BMO raised Duke Energy’s price target to $143 from $136 while maintaining an Outperform rating, implying modest upside from the current $131.79 share price. The firm expects limited near-term earnings updates but sees upside into 2028 from large-load onboarding and data center demand, with 1Q26 earnings due May 5. Investors are also focused on the North Carolina rate case and IURC listening meetings.

Analysis

The market is treating this as a sleepy utility upgrade, but the real signal is that regulated-load optionality is starting to dominate the investment case. Duke’s earnings power is increasingly a function of data-center interconnection pace and the probability that regulators allow faster recovery of transmission and generation spend; that combination usually compresses duration risk and pushes the equity toward a bond-proxy multiple with embedded growth.

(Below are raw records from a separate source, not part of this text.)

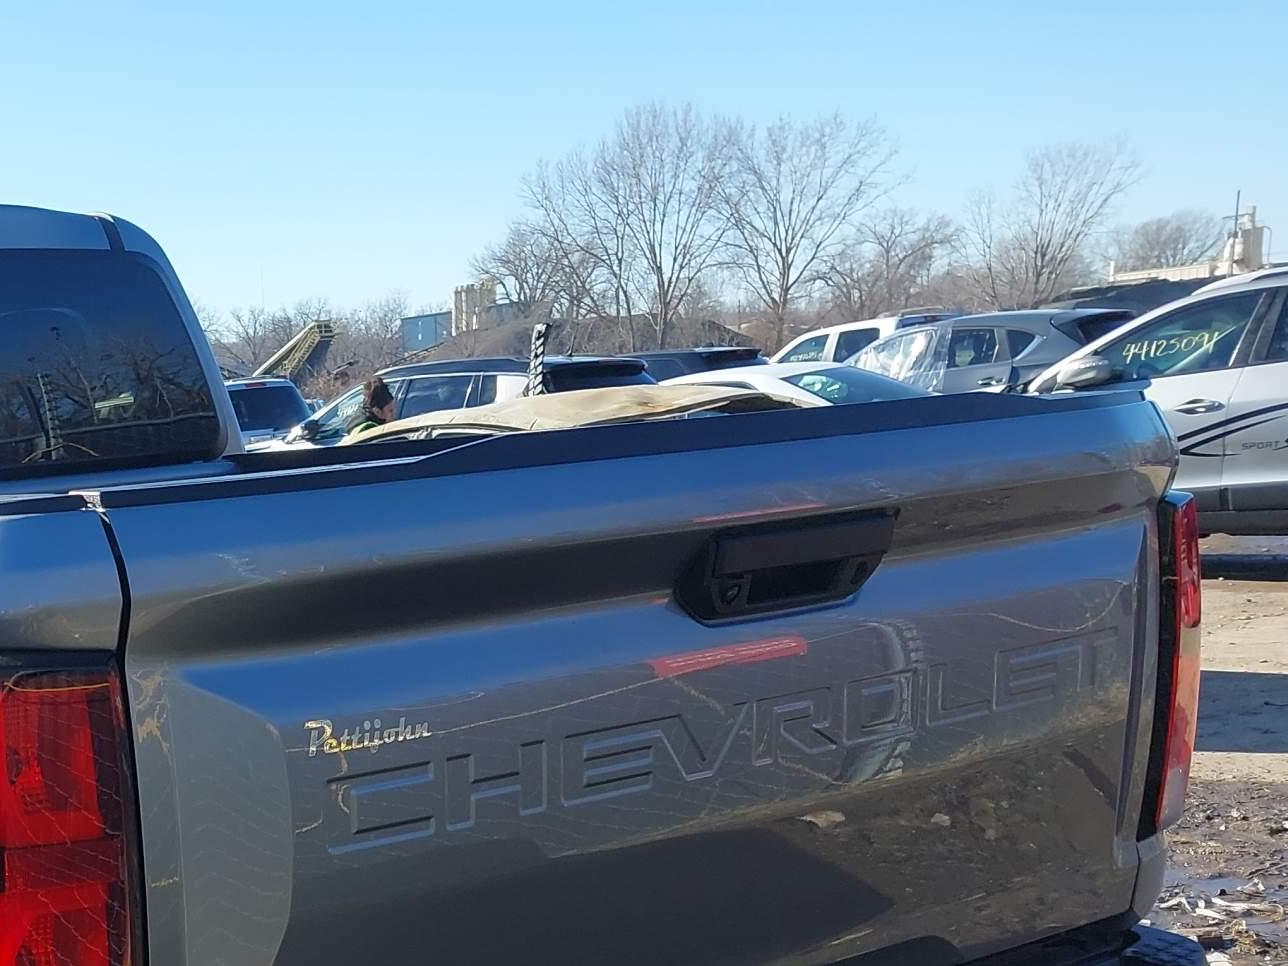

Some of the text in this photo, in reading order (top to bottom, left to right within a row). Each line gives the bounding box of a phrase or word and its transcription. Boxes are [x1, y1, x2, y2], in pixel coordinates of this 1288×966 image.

[1242, 440, 1281, 451] SPORT
[304, 716, 433, 757] Pettijohn
[325, 625, 1119, 856] CHEVROLET
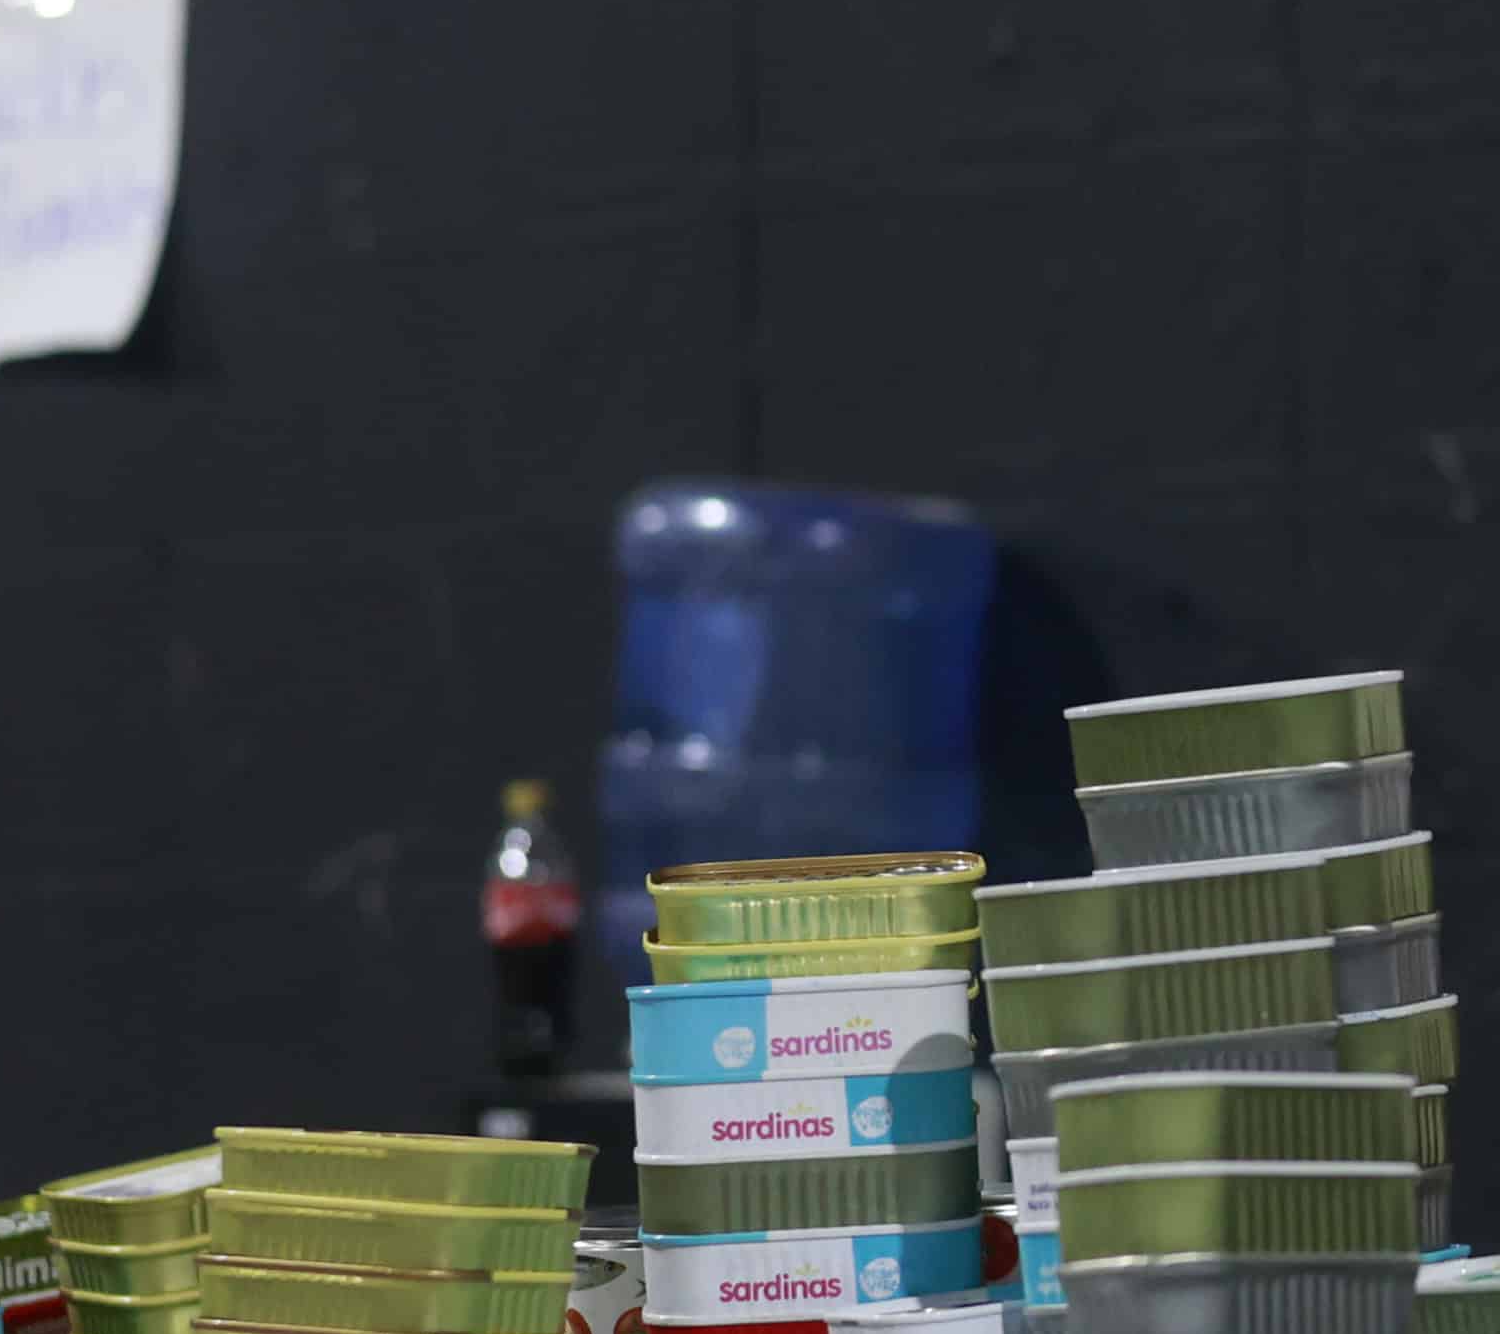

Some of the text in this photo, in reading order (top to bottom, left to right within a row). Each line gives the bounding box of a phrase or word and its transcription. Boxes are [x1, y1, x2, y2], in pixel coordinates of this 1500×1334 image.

[770, 1027, 893, 1058] sardinas
[711, 1111, 835, 1142] sardinas
[719, 1272, 843, 1304] sardinas
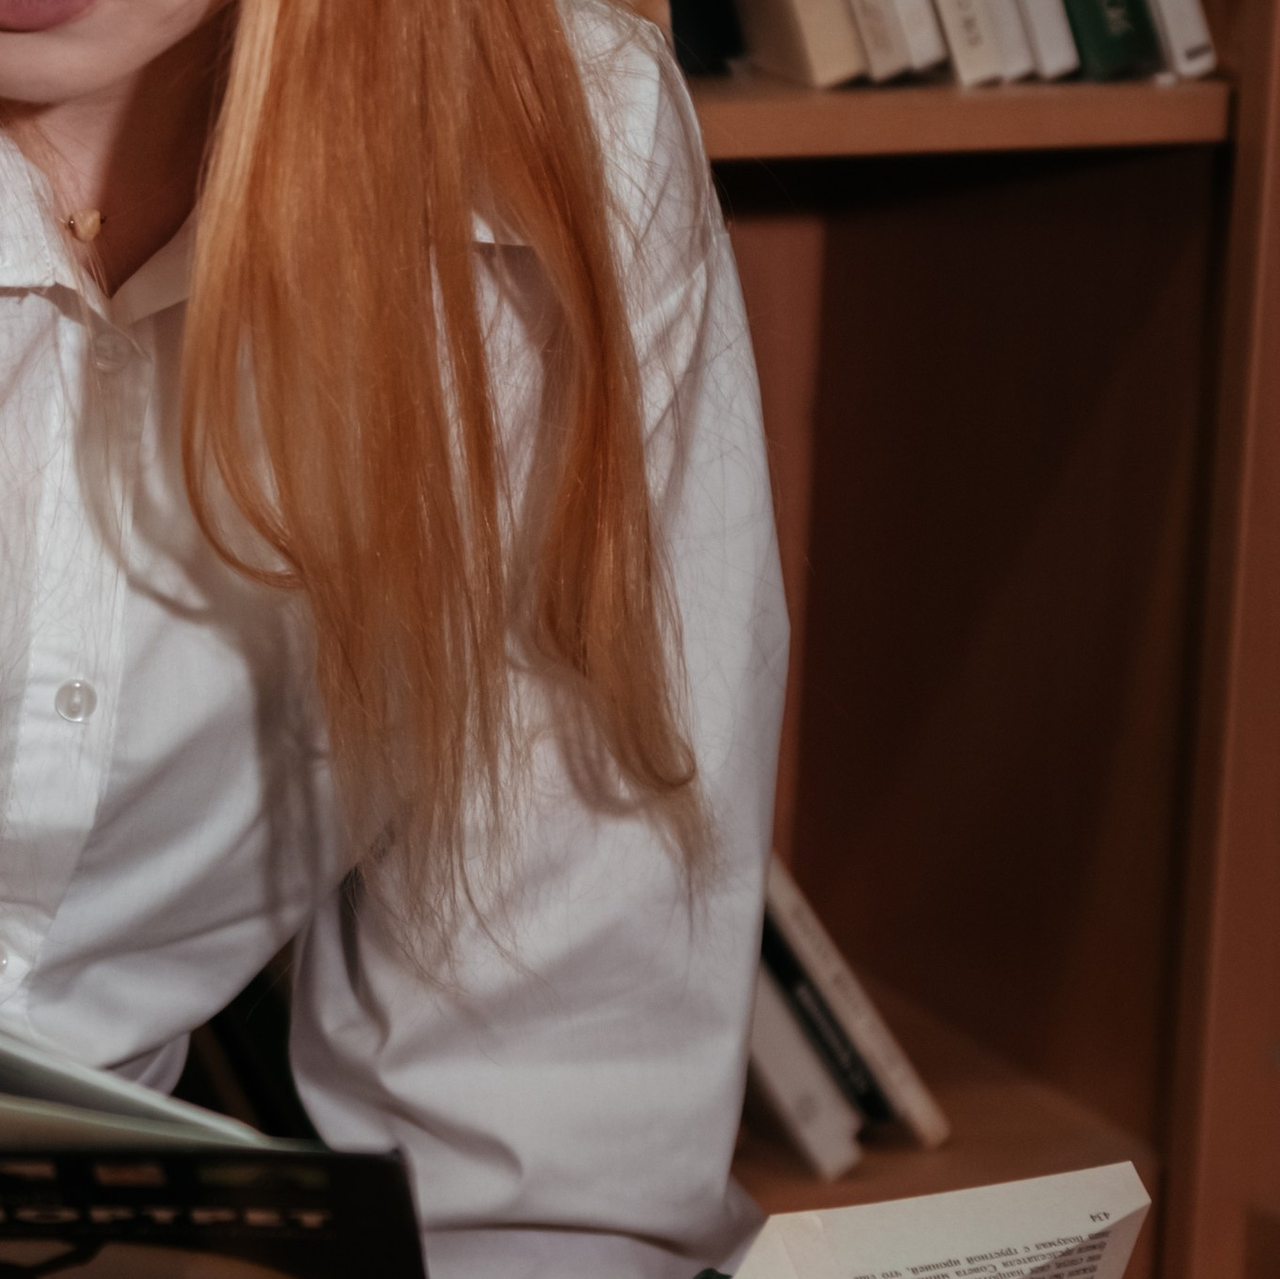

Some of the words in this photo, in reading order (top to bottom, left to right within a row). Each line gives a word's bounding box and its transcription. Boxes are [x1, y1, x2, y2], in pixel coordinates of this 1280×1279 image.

[1090, 1212, 1110, 1222] 434
[1035, 1236, 1084, 1250] подумал
[966, 1247, 1018, 1265] грустной
[906, 1258, 961, 1275] иронией,
[955, 1264, 997, 1276] Совета
[881, 1270, 902, 1279] что

If management can keep the minimum take rate as a floor rather than a ceiling, the upside is not in the next quarter but in a re-rate over the next 12-24 months as sell-side models catch up. The second-order winner is not just DUK’s load growth, but the entire regulated utility complex with credible large-load pipelines and constructive commissions. However, that also creates a bifurcation: utilities without clear data-center visibility or with hostile state commissions may underperform as investors rotate into the few names that can actually monetize AI-driven load. The note also implies a subtle capex financing advantage for Duke after the convertible deal—lower near-term equity dilution risk supports the multiple, but only if execution stays on schedule and leverage does not become the market’s focus. The contrarian risk is that consensus is underestimating how fragile “AI load” narratives are to timing slippage. A few delayed interconnects, a tougher-than-expected North Carolina outcome, or a shift in hyperscaler capex plans could quickly turn the growth story into a capital-intensity overhang. In that scenario, the stock may already be close to fair value after the target raise, and the move from here becomes much more about rate-case politics than fundamentals. SR’s asset purchase is a reminder that portfolio optimization can create value, but it can also mask the fact that utility asset sales often recycle cash rather than compound growth.